Histological structure of infiltrative breast cancer ductal epithelium Hematoxylin and eosin staining × 200.

Fibroadenoma looks like encapsulated formation with dense consistent fibrous structure. The proliferation of alveoli and intralobular ducts with the growth of connective tissues is microscopically detected. If it surrounds intralobular ducts, this will show pericanalicular fibroadenoma (Figure 4). If connecting tissues ingrow in duct wall, they show their pseudo features, and this tumor is called intracanicular fibroadenoma.

Figure 4.

Ingrowth of connective tissue into the duct wall. Hematoxylin and eosin stained. ×100.
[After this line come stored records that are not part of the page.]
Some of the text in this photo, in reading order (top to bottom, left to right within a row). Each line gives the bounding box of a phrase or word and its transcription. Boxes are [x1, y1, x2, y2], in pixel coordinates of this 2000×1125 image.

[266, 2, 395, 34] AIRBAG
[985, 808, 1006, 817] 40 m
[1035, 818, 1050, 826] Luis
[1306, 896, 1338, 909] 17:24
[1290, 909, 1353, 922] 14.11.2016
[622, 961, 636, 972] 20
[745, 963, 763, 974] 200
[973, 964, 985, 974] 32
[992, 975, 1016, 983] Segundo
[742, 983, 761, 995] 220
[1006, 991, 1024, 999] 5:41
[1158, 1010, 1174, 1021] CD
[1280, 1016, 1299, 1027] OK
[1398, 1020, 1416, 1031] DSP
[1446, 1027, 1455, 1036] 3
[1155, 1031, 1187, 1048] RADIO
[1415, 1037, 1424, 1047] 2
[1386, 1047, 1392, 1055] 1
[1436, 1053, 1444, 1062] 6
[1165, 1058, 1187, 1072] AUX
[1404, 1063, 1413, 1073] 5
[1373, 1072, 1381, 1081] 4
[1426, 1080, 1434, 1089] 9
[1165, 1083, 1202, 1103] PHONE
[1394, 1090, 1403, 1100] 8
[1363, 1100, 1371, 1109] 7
Myoepithelial cells undergo changes. Depending on their functional state, they can be isolated or grouped, elongated and dark, or light. These cells are located between a basement membrane and secreting epithelium of alveoli and small ducts. An exception is a fibrosing adenosis. Basement membrane disappears and proliferative myoepithelial cells penetrate the surrounding connective tissue, where they become looking similar to smooth muscle elements. Microscopic foci appear consisting of clusters and elongated myoepithelial cells including epithelial tubules. Microscopic foci have irregular contours or rounded shapes and clear boundaries. In the latter case, they look like increased or altered lobules. Collagen fibers appear between them and myoepithelial proliferation becomes stiffened (Figure 5).

Figure 5.

Explicit gland epithelial proliferation. Hematoxylin and eosin staining. × 200.
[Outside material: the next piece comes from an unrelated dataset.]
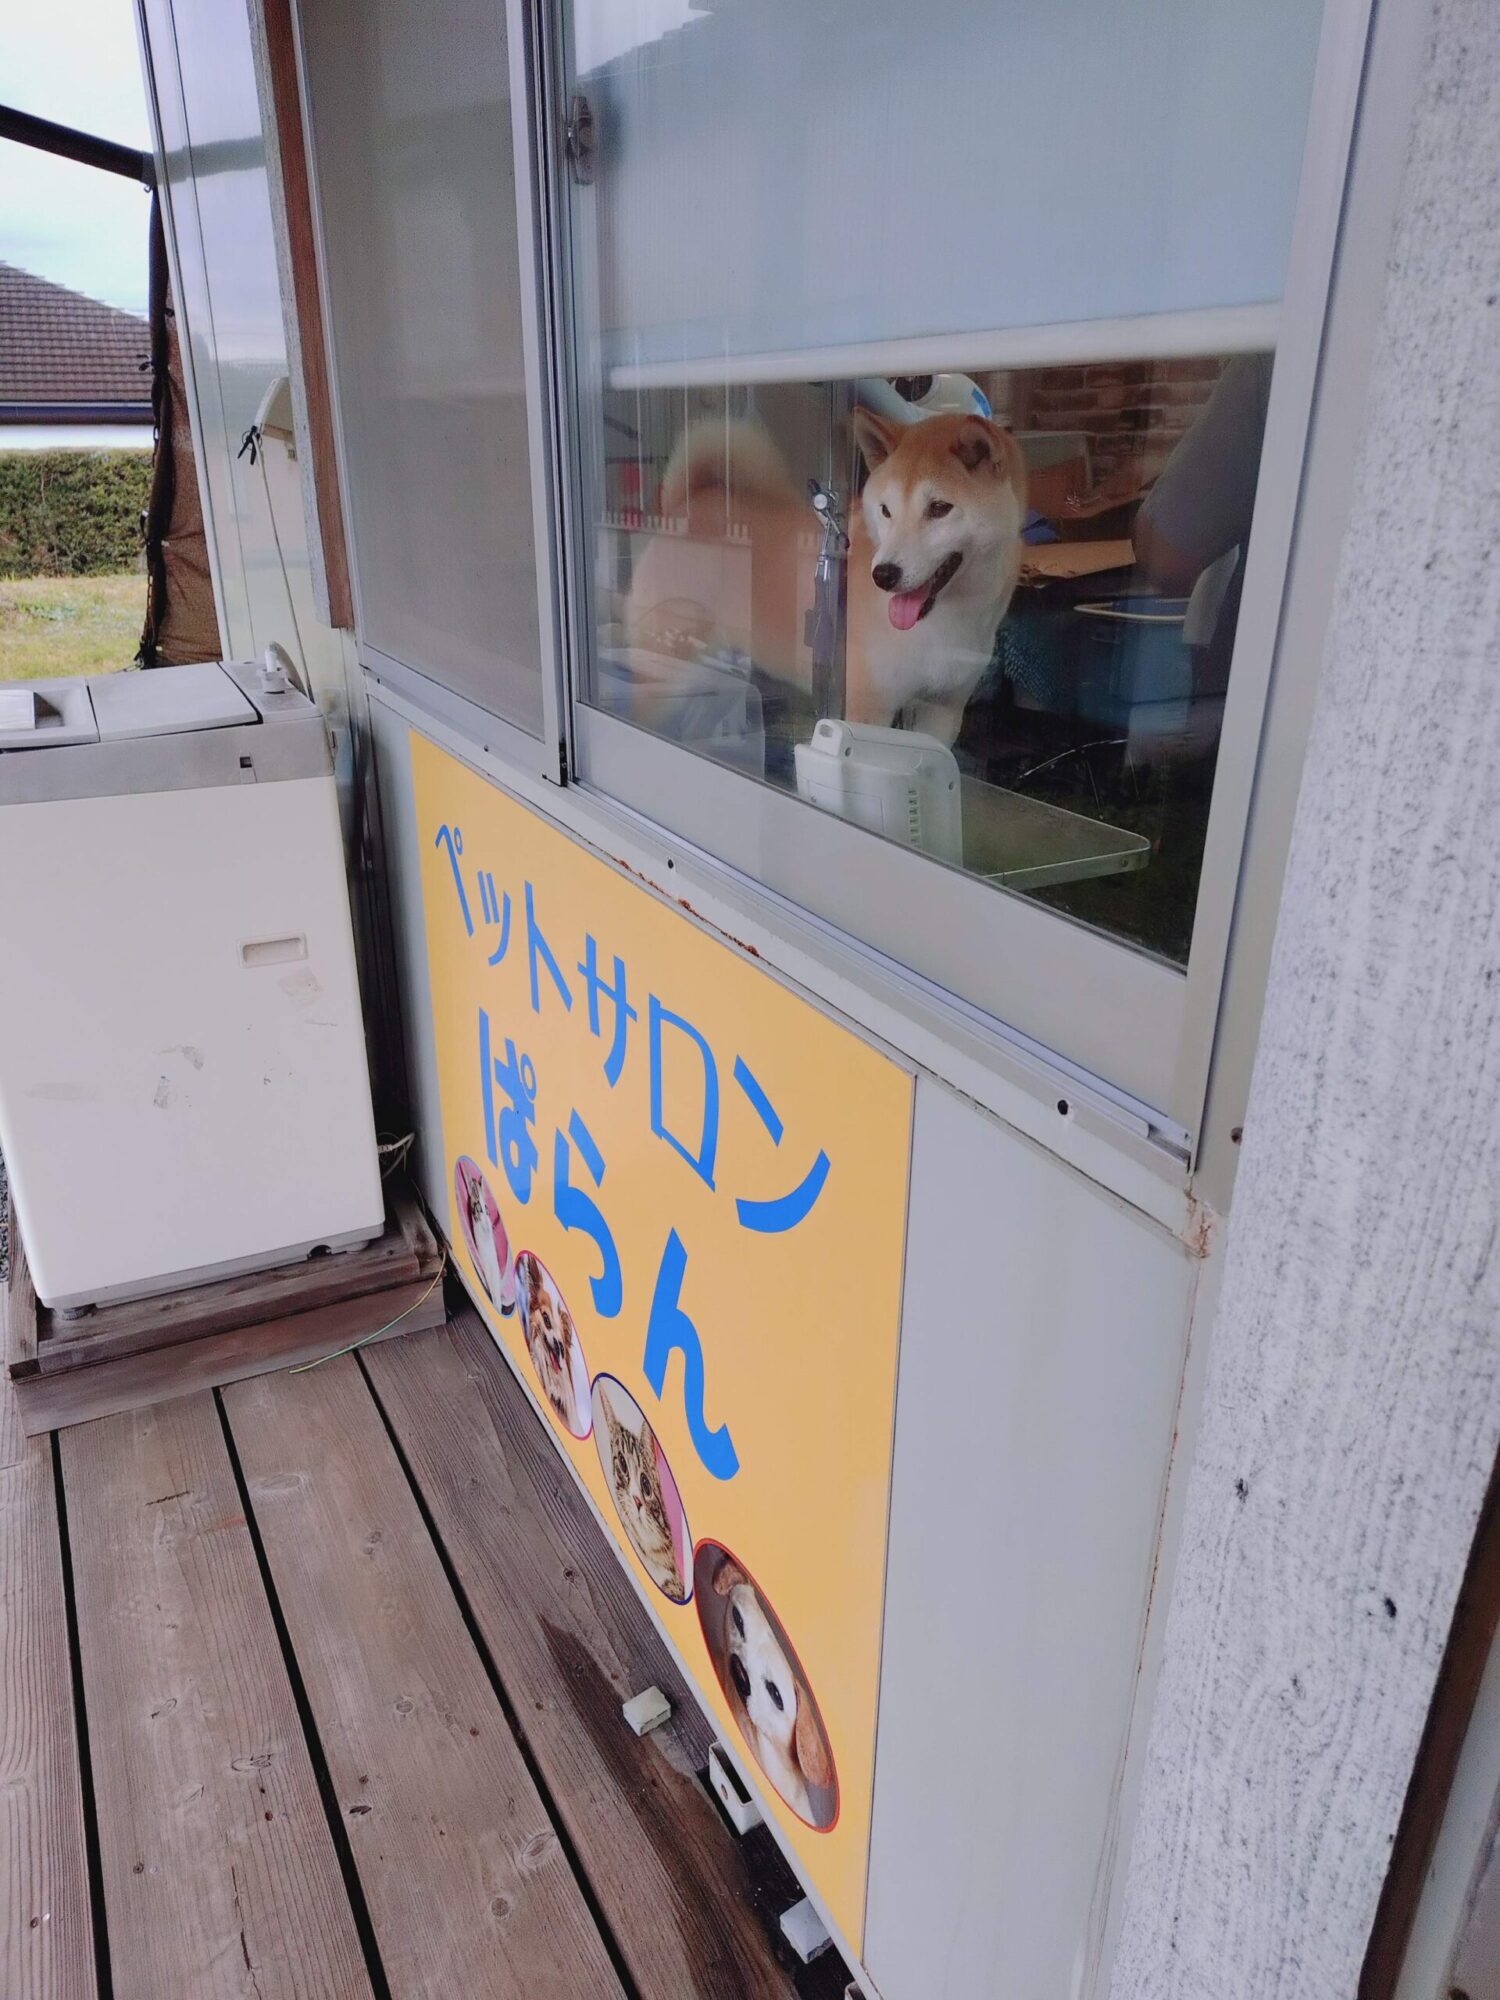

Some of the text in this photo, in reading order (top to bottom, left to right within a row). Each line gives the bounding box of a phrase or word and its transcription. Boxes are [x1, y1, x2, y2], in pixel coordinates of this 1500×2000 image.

[435, 824, 830, 1232] ペットサロン
[479, 1007, 740, 1480] ぱらん
Breast disease (mastopathy) with the dominated cystic component is characterized by cysts clearly separated from surrounding tissues and formed from atrophied lobules and dilated ducts with fibrosing changes of interstitial tissue. Proliferative processes with the development of papillary formations can appear in the epithelium of cysts (Figure 6).

Figure 6.

Non-proliferative breast disease. Gland duct expansion.

Following are the characteristics for diagnosing non-proliferative breast disease (Figure 7):

  • shallow cysts of alveoli;

  • cysts form nests;

  • cystic dilated ducts;

  • hyalinosis of connective tissue;

  • proliferation of connective tissue;

  • metaplasia of dark epithelium into white (light);

  • many connective tissues around glands and ducts; pseudo papillary structures;

  • atrophy of glandular areas and formation of cysts.

Figure 7.

Non-proliferative breast disease. Qualitative features.
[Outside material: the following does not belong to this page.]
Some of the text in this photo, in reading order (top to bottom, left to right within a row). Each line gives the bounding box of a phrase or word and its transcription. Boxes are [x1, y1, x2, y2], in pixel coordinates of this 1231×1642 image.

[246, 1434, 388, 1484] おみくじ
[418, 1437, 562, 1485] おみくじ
To diagnose non-proliferative breast disease, as it is clearly illustrated in the figure, a doctor needs to see (in histological image) the presence of small cysts of alveoli lobules (1), cysts, which are located in nests (2), cystic dilated ducts (3), hyalinosis of connective tissue, and (4) the formation of pseudo papillary structures (8).

Thus, for automated histological image processing, it is necessary to build a fuzzy knowledge base for diagnosis statement in real time.

5. Fuzzy knowledge base for pathological condition diagnosing

5.1. Fuzzy knowledge base developed on histological image analysis

The main reason for fuzzy logic development was the presence of approximate reasoning in describing processes, systems, and objects by humans [2729]. This theory is used in various fields of engineering, making it possible to process large amounts of information, solve complex problems in real time without the use of special mathematical and engineering knowledge. Fuzzy logic fundamentals are actively used in medicine for diagnosis confirmation by a doctor.

In most cases, Mamdani fuzzy inference mechanism is applied. The basis for fuzzy logic inference engine is a rule base containing fuzzy “if-then” expressions and membership functions for respective linguistic terms. This should adhere to the following conditions:

  • there is at least one rule for each output variable linguistic term;

  • for any input variable term, there is at least one rule, in which this term is used as a premise (the left side of the rule).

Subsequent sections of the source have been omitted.